Now since we already join the data let’s do some data processing and visualize the data.

Total Companies by Subsector

In this recipe, let’s visualize Total Companies by Subsector using the data that we already have. The first step is to clean our data using the same way and group the data by subsector so we can get the count of companies by each subsector.

df = pd.DataFrame(result_data, columns=["subsectors", "company"])
df["subsectors"] = df["subsectors"].str.replace("-"," ")
df["subsectors"] = df["subsectors"].str.title()
df_grouped = df.groupby('subsectors').size().reset_index(name="total_companies")

The code above will make the subsectors more readable and group the data by subsectors and get the total companies on each subsector.

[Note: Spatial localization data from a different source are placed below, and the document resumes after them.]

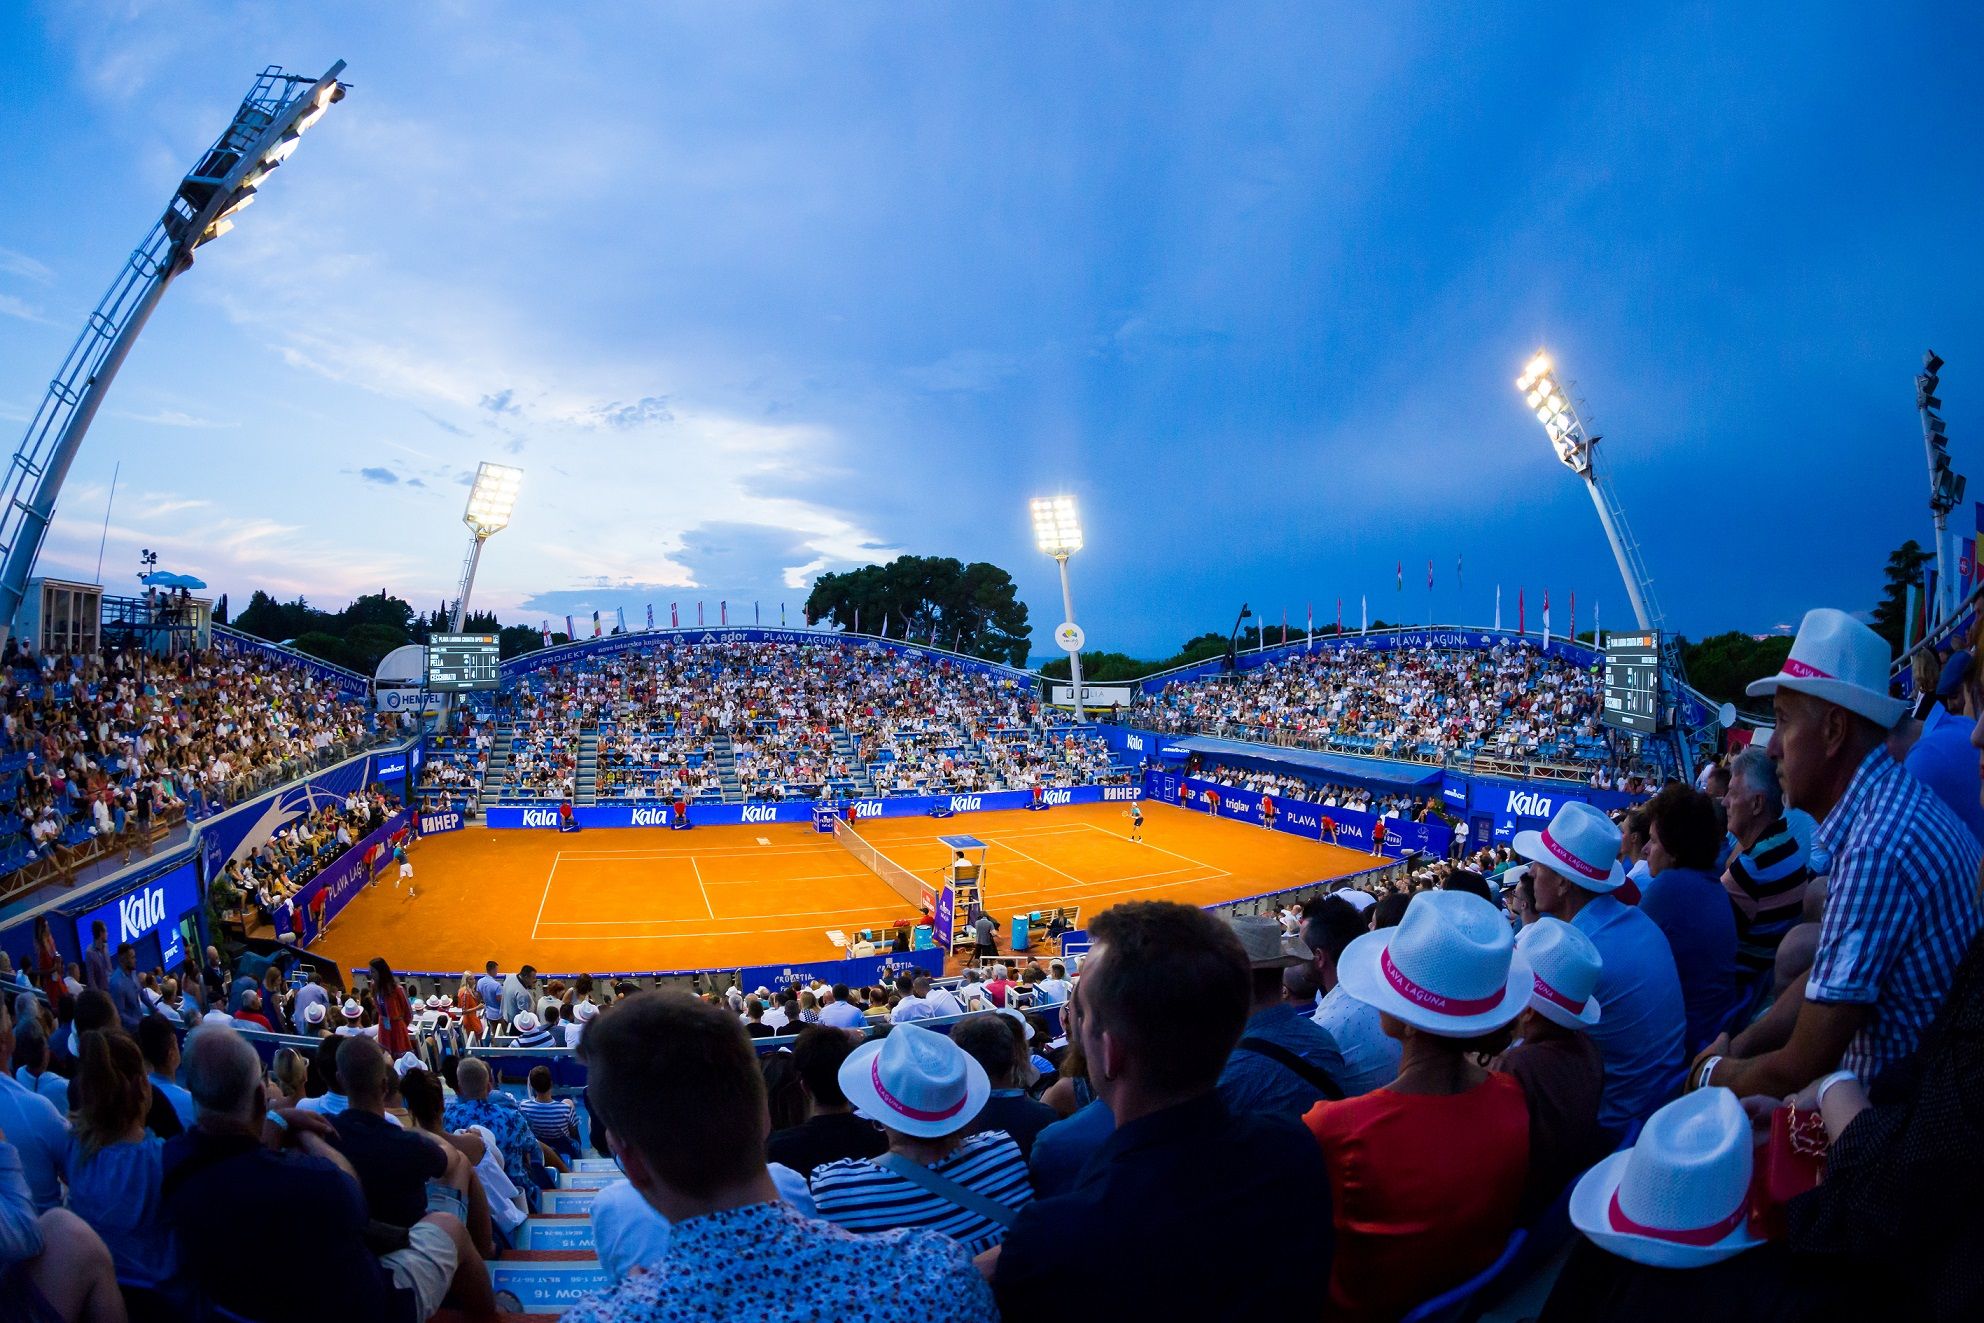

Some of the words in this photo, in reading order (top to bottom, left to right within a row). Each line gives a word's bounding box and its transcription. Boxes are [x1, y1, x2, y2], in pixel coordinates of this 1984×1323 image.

[720, 631, 748, 642] ador
[763, 632, 795, 641] PLAVA
[800, 634, 842, 645] LAGUNA
[1389, 635, 1422, 647] PLAVA
[1433, 633, 1469, 647] AGUNA
[430, 659, 444, 667] PELLA
[491, 655, 496, 665] 0
[541, 650, 585, 664] PROJEKT
[491, 669, 496, 679] 0
[402, 694, 441, 704] HEMPEL
[1127, 734, 1144, 751] Kala
[1042, 789, 1071, 805] Kala
[1116, 787, 1142, 800] HEP
[852, 801, 883, 818] Kala
[950, 795, 982, 812] Kala
[1225, 797, 1250, 813] triglav
[1506, 790, 1552, 818] Kala
[434, 813, 459, 831] HEP
[522, 809, 557, 827] Kala
[631, 808, 667, 825] Kala
[741, 805, 777, 823] Kala
[1287, 811, 1317, 828] PLAVA
[1320, 820, 1363, 839] LGUNA
[1551, 842, 1567, 859] PLAVA
[1568, 855, 1593, 873] LAGUNA
[328, 873, 349, 902] PLAVA
[119, 887, 166, 943] Kala
[1386, 959, 1403, 986] PLAVA
[1404, 982, 1446, 1008] LAGUNA
[1534, 979, 1554, 998] GUNA
[879, 1084, 903, 1111] LAGUNA
[562, 1239, 574, 1247] 15
[534, 1289, 551, 1299] 16

Run this code below to see the output.

df_grouped.head()
subsectorstotal_companies
0Alternative Energy2
1Apparel Luxury Goods23
2Automobiles Components17
3Banks47
4Basic Materials108

Let’s visualize it!

Now let’s do the most basic visualization using altair, beginning with a bar chart to see the number of companies in each subsector.

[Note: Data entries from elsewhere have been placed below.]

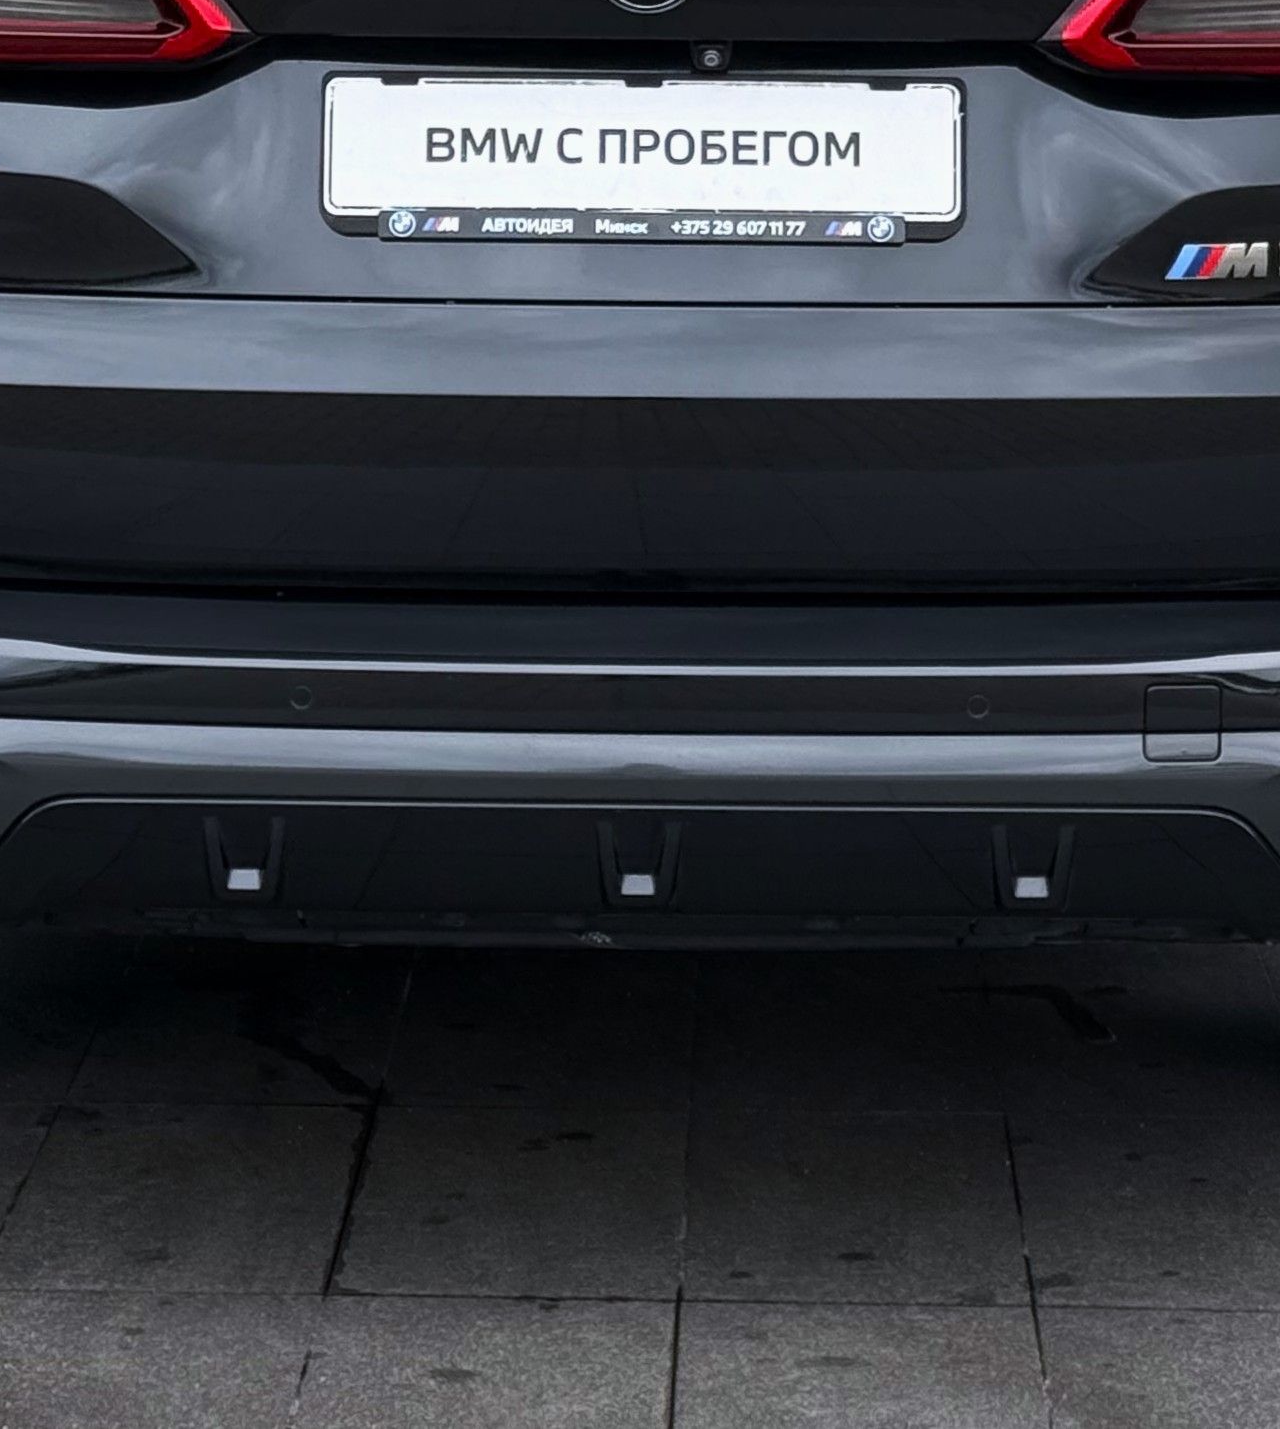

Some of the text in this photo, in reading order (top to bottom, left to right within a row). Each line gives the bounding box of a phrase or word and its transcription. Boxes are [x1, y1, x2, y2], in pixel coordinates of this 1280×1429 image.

[426, 127, 861, 167] BMW С ПРОБЕГОМ
[481, 217, 574, 235] АВТОИДЕЯ
[595, 218, 649, 235] Минск
[670, 219, 711, 235] +375
[712, 220, 734, 236] 29
[736, 220, 768, 236] 607
[768, 220, 784, 236] 11
[785, 221, 807, 237] 77

chart = alt.Chart(df_grouped).mark_bar().encode(
    x='total_companies',
    y=alt.Y('subsectors', sort='-x')
)

chart.display()

Well now we have done a very basic bar chart visualization using Altair, but it looks really long and messy! Let’s reduce the number to be top 5 biggest subsector by company and do some adjustment on the visualization.

Top 5 Biggest Subsector by Company

df_grouped = df_grouped.sort_values(by="total_companies", ascending=False)
top_five_subsectors = df_grouped.head(5)

A Better visualization!

chart = alt.Chart(top_five_subsectors).mark_bar().encode(
    y=alt.Y("subsectors", sort="-x", title="Subsectors"),
    x=alt.X("total_companies", title="Total Companies"),
    color=alt.Color('subsectors:N', legend=None)  # Optional: remove the legend if it's redundant
).properties(
    title='Number of Companies by Subsector',
    width=600,
    height=300
)

# Configure overall visual theme
chart = chart.configure_title(fontSize=20, anchor='start', color='black').configure_axis(
    labelFontSize=12,
    titleFontSize=14
)

chart.display()

And now we have a much better visualization we can show our boss! 😉

In this recipe, we’ve pulled the data from Sectors and do a little bit data processing and some simple data visualization! Now you can take a look at another API and try to build your own visualization based on your needs or you can simply follow along the rest of this cookbook to see more recipes that you can try!